Comic book guru and filmmaker Kevin Smith is happy to continue on directing superhero TV fare like The Flash and Supergirl, but he has no interest in tackling a big screen production.

“Greg Berlanti will not f—ing stop making these amazing comic book TV shows. Yeah, I owe him a great debt of thanks, because he put those shows together with his creative teams and whatnot and their casts, and they have allowed me those shows — and Greg and his team and himself — have allowed me to go into a world that I never really had much of interest in going into,” Smith told MTV.

“I love comic book movies, comic book properties, I love watching them — not picking them apart, but celebrating them and stuff like that, love anticipating the next one — but making those things? Whenever you see those behind the scenes, they’re like, [dazed look] ‘We’re on day 200 of Spider-Man.’ And you’re like, ‘Who the f—k can do anything 200 times in a row, let alone Spider-Man?’ So it takes a lot more energy and attention and talent, most importantly, than I have.”

Smith, who got his start helming dialogue-heavy slices-of-life with wordy characters, prefers “doing stuff where the characters talk about those movies, that’s what I’ve been doing for years.”

“So I like going to Flash and Supergirl, because I then get to play in that world. You get to play with kids wearing colorful costumes, having ridiculous powers, and showing off incredible feats of strength,” Smith said.

“But I love those shows mores than the comic book movies that they do because on TV you get to pull the taffy a lot longer, you get to fall in love with the cast of characters and know everything about them and whatnot, dive deep into their lives.”

The fan-favorite filmmaker once flirted with scripting Superman Lives — a nearly-made Superman franchise revival that would have starred Nicolas Cage under the steering of Batman director Tim Burton — but said he’ll leave the big screen outings to filmmakers like Avengers: Infinity War directors Anthony and Joe Russo.

“So people always ask me, ‘Don’t you want to make a comic book movie?’ and I’m like, ‘Nah, I’m not talented enough to do that.’ Russo brothers, they can do that in their sleep — they know what to do and stuff. I’m not,” Smith said. “I’m the guy that likes to watch that stuff, but I don’t have the patience or the ability to sit through one of those things making it, and I don’t know it would turn out very well if I did.”

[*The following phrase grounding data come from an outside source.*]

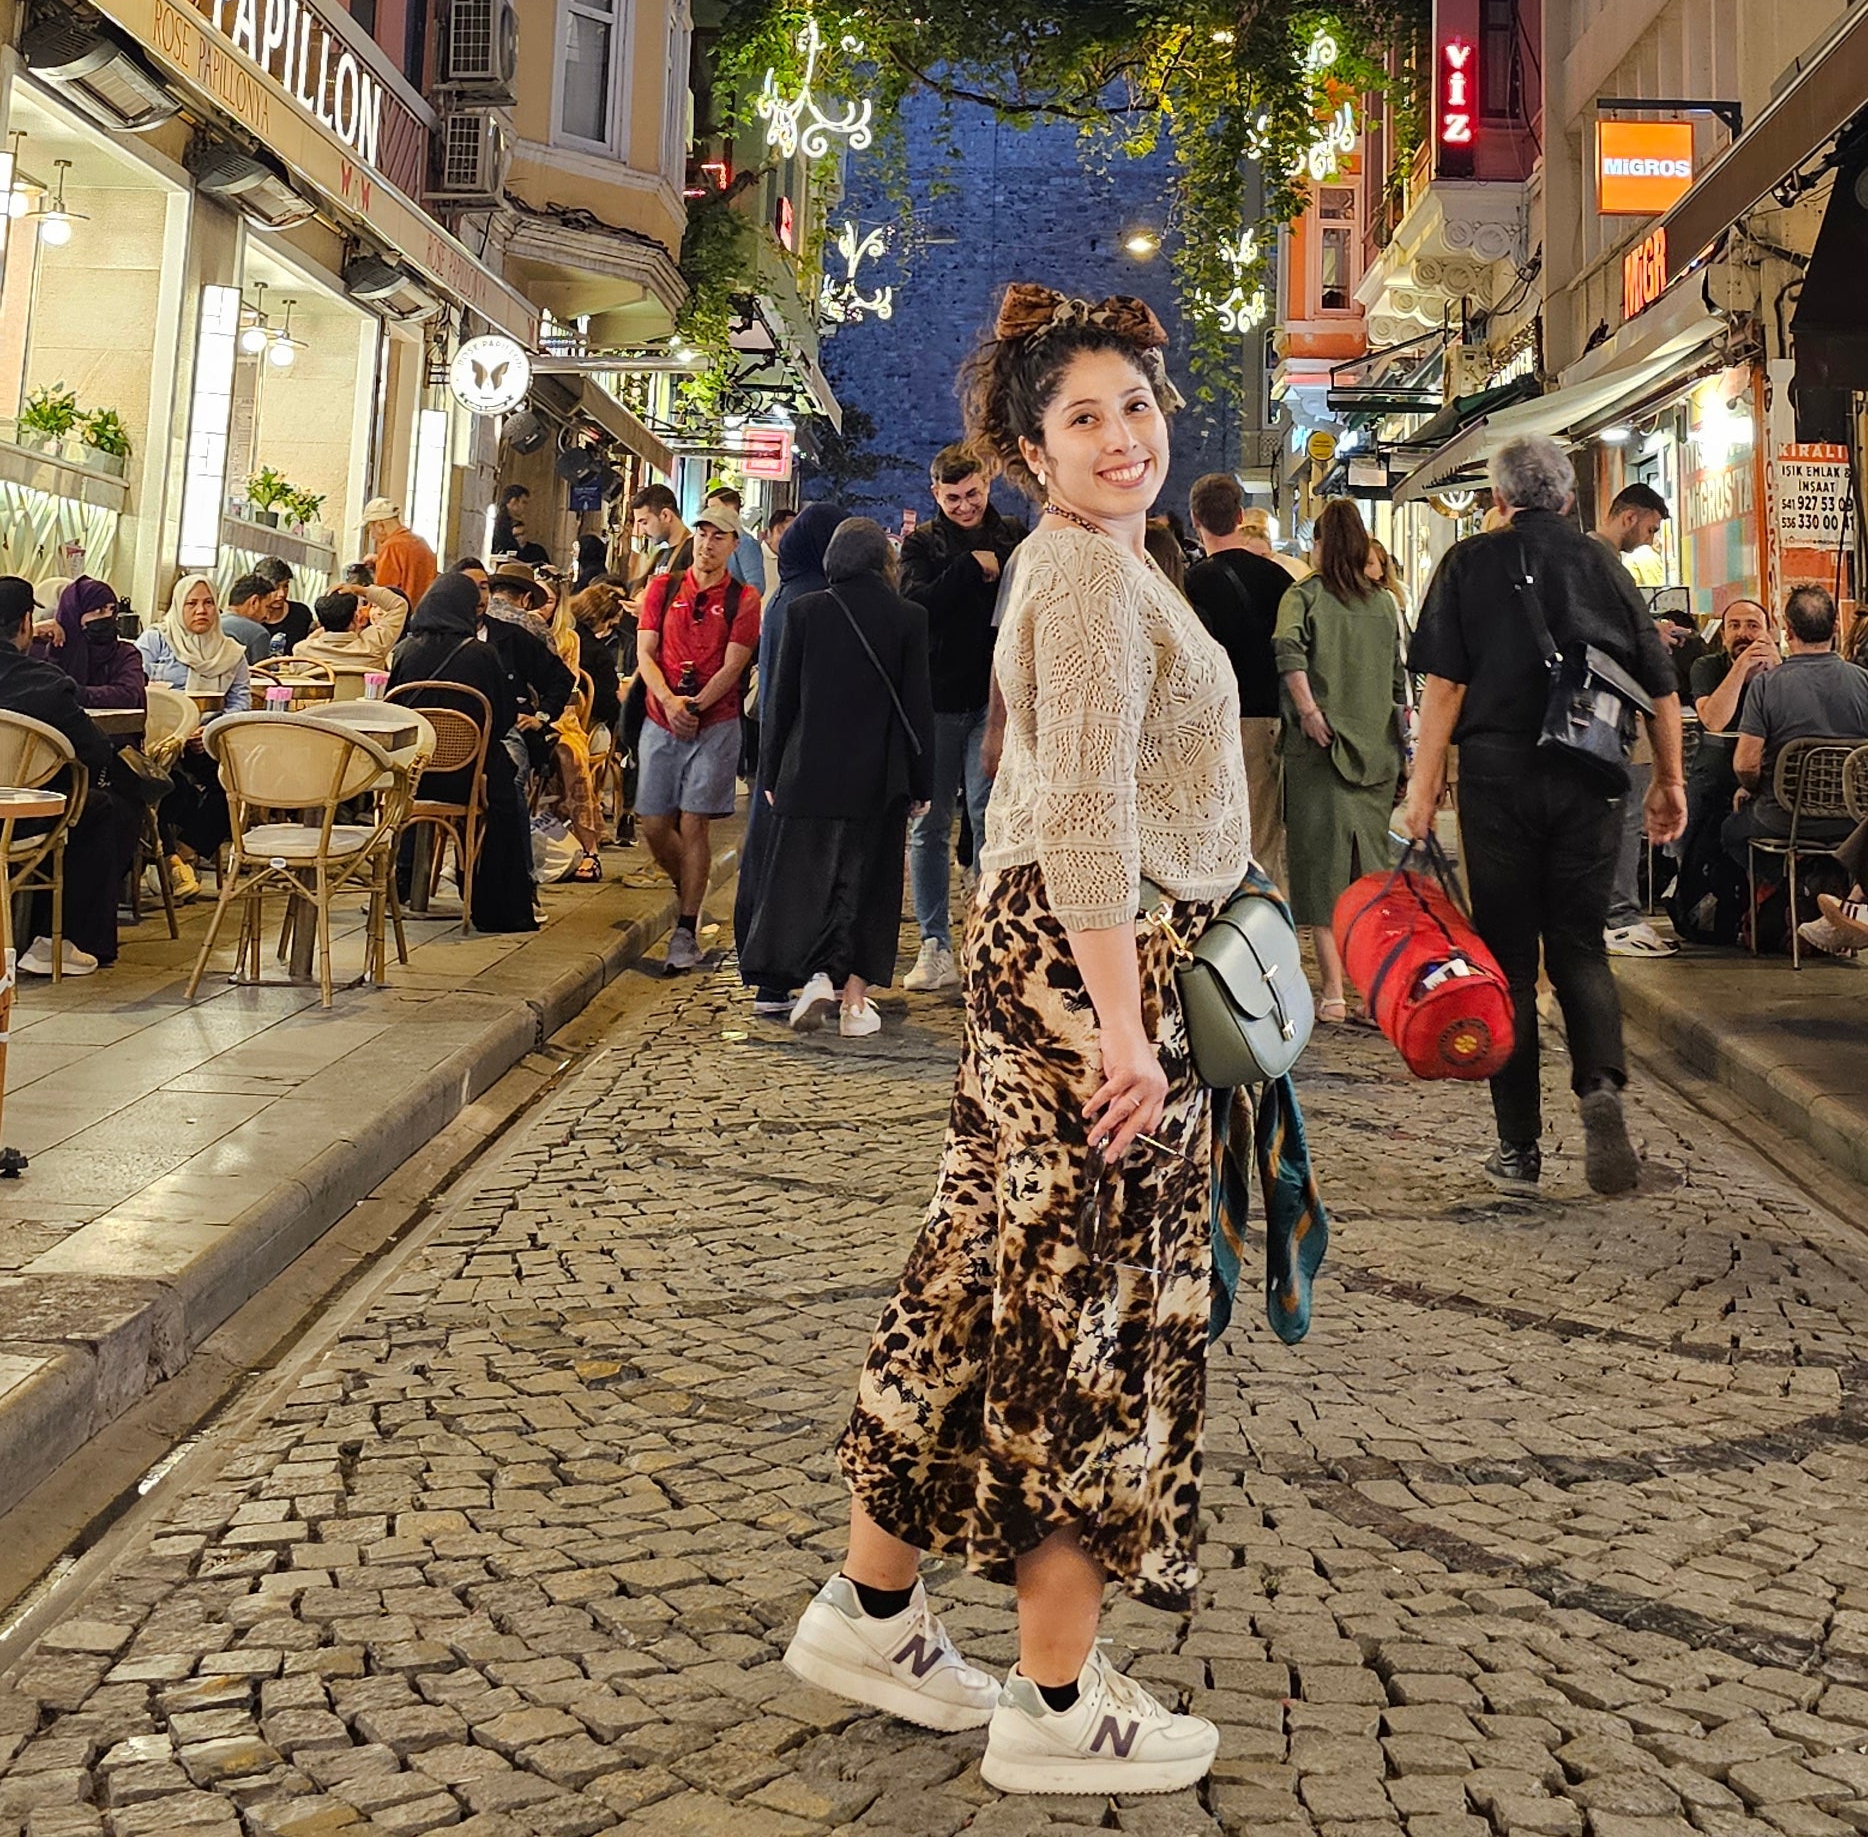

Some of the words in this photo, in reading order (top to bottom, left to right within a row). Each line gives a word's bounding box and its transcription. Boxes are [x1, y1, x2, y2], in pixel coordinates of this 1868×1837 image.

[198, 36, 269, 134] PAPILLONYA
[457, 344, 479, 366] ROSE
[1806, 466, 1840, 478] EMLAK
[1797, 495, 1818, 511] 927
[1821, 496, 1835, 511] 53
[1798, 513, 1819, 529] 330
[1823, 514, 1838, 530] 00
[892, 1633, 944, 1679] N
[1089, 1714, 1140, 1758] N

Despite his well-noted fandom and expertise of the comic book world — he’s penned comic book tales for Batman, Daredevil, Green Arrow, and Spider-Man — Smith explained a love of the material doesn’t necessitate an ability to handle that material well.

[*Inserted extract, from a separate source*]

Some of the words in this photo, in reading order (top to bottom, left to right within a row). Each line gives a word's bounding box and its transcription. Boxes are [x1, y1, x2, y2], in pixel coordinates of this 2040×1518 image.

“A lot of people are like, ‘You love this comic book stuff!’ Just ‘cause you love something doesn’t mean that you’re gonna be great at it. Sometimes, particularly in the field of comic book movies, it’s been interesting to watch people who are not from the genre, who don’t touch the material, suddenly interpret it,” he said.

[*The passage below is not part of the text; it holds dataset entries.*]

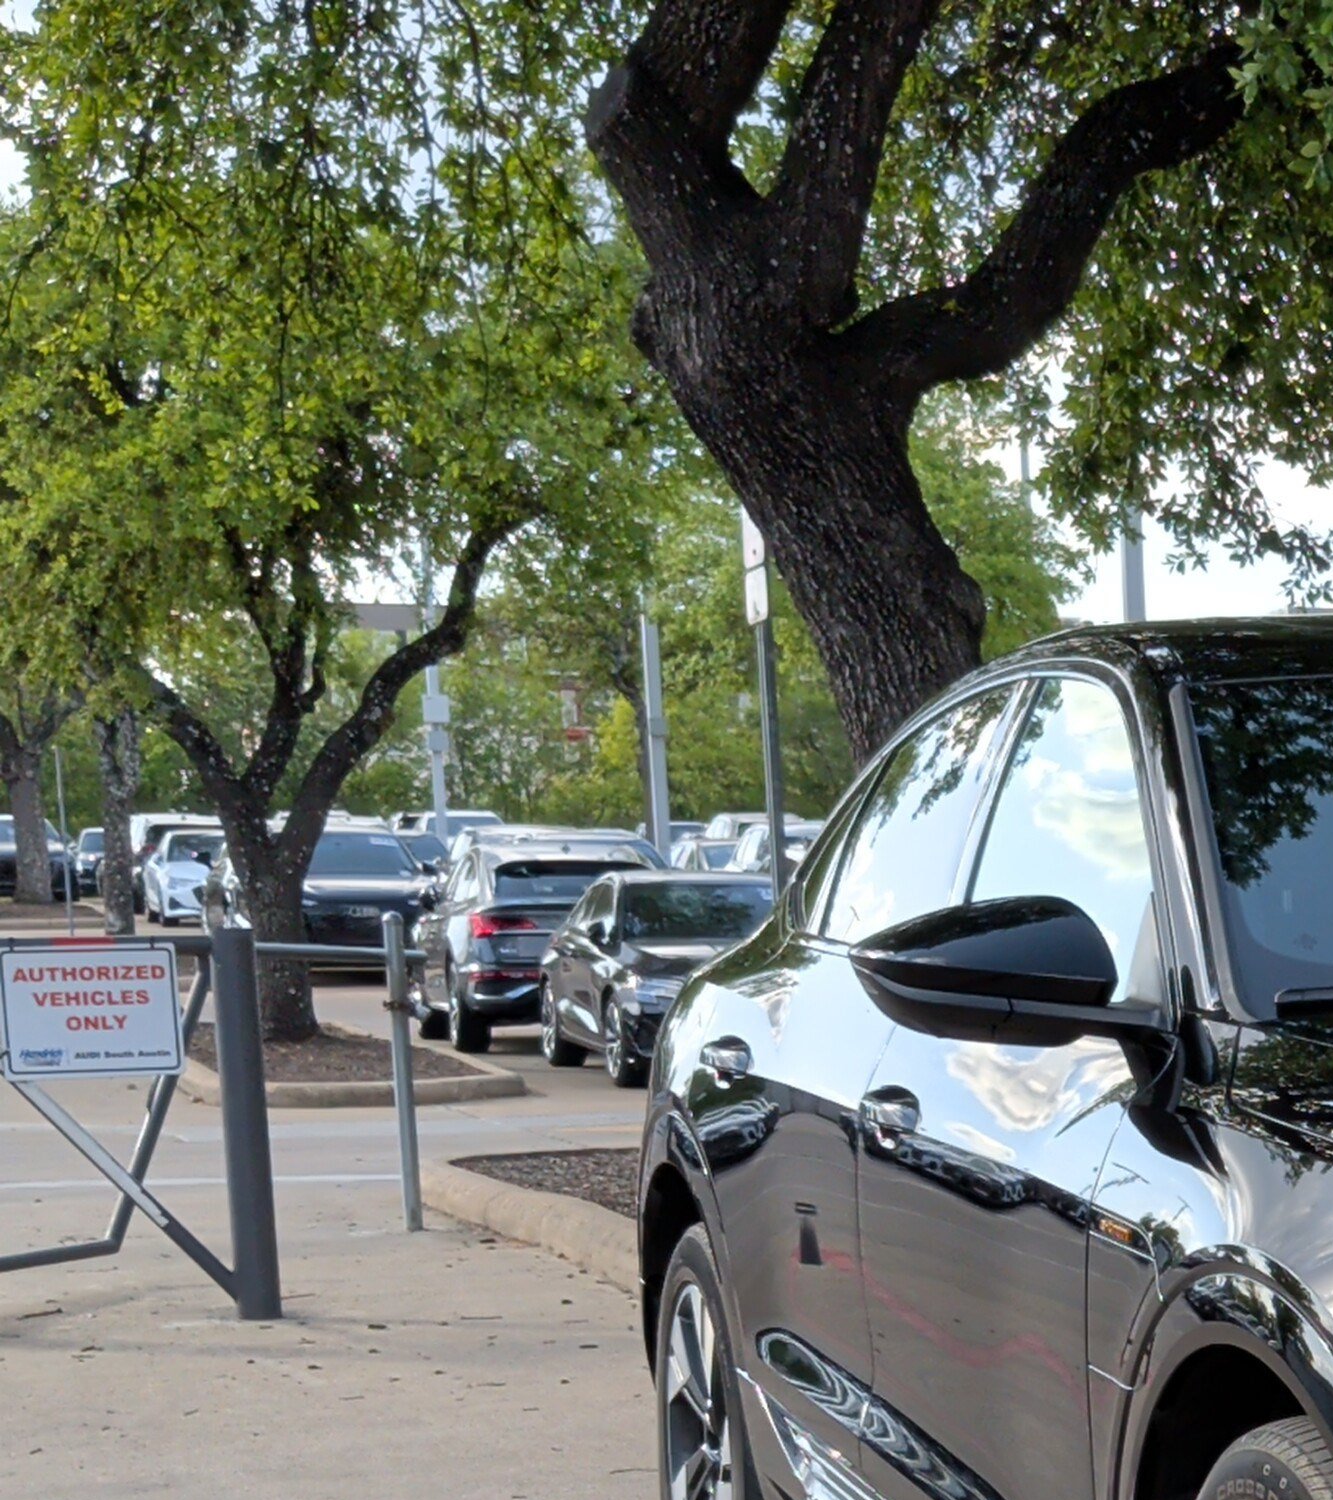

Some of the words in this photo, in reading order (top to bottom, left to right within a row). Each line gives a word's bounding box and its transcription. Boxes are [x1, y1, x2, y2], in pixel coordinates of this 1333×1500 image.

[13, 966, 165, 982] AUTHORIZED
[33, 991, 149, 1006] VEHICLES
[66, 1015, 127, 1031] ONLY
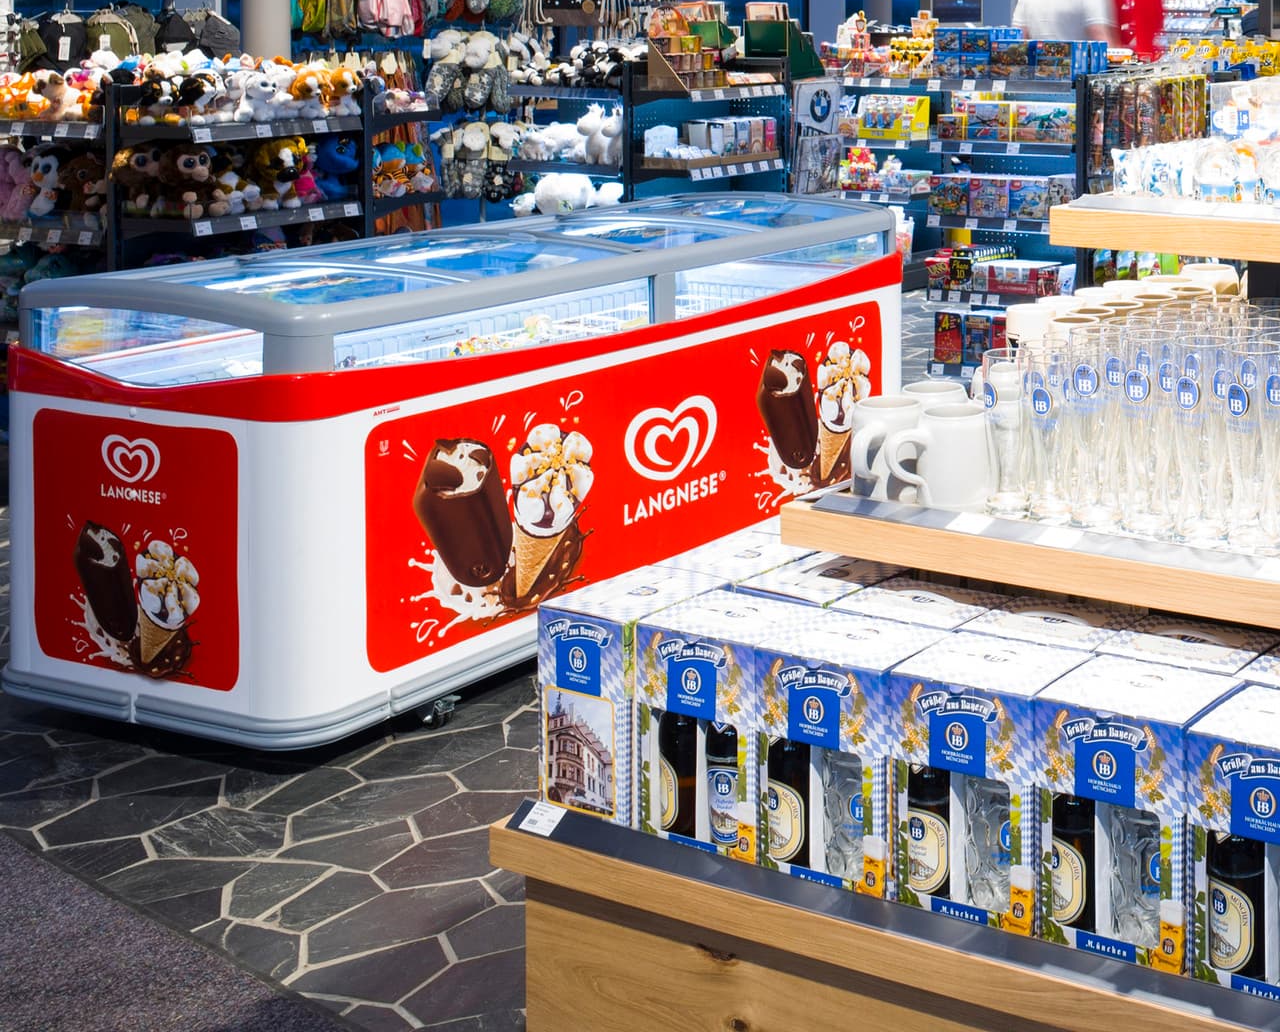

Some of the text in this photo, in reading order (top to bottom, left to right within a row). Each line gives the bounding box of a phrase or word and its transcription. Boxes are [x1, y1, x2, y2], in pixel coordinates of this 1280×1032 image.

[956, 270, 966, 279] 10
[1078, 380, 1092, 392] HB
[1130, 386, 1144, 398] HB
[1180, 392, 1194, 405] HB
[1036, 400, 1047, 412] HB
[1230, 399, 1243, 412] HB
[624, 472, 718, 526] LANGNESE
[569, 626, 579, 636] aus
[682, 647, 695, 656] aus
[574, 658, 584, 668] HB
[686, 680, 697, 690] HB
[781, 670, 842, 689] Grüße aus Bayern
[921, 696, 988, 716] Grüße aus Bayern
[808, 709, 819, 720] HB
[1066, 723, 1138, 744] Grüße aus Bayern
[951, 734, 963, 746] HB
[1099, 764, 1111, 776] HB
[1222, 758, 1247, 772] Grüße
[1250, 763, 1266, 774] aus
[718, 782, 730, 794] HB
[1257, 800, 1270, 814] HB
[911, 827, 922, 839] HB
[1214, 898, 1225, 912] HB

“We saw that with Tim Burton, one of the greatest comic book movies of all time. 1989 Batman, Tim Burton very famously talks about like, ‘I don’t read comic books.’ Bryan Singer when he made the X-Men, he was not a comic book guy either. So there’s something to be said for like grabbing people from outside the medium who have a passing familiarity with it, not somebody who has so much invested in the game where I’m like, ‘Well, Thanos would never do that.’ And they’re like, ‘Well, maybe not on the page, but we’re making a movie here.’ I’m like, ‘Well, f—k that.’ So I like watching them, but making them is not for me.”

“Closest I get is when I jump into Berlanti land,” Smith added of the producer and overseer of the CW family of DC Comics shows.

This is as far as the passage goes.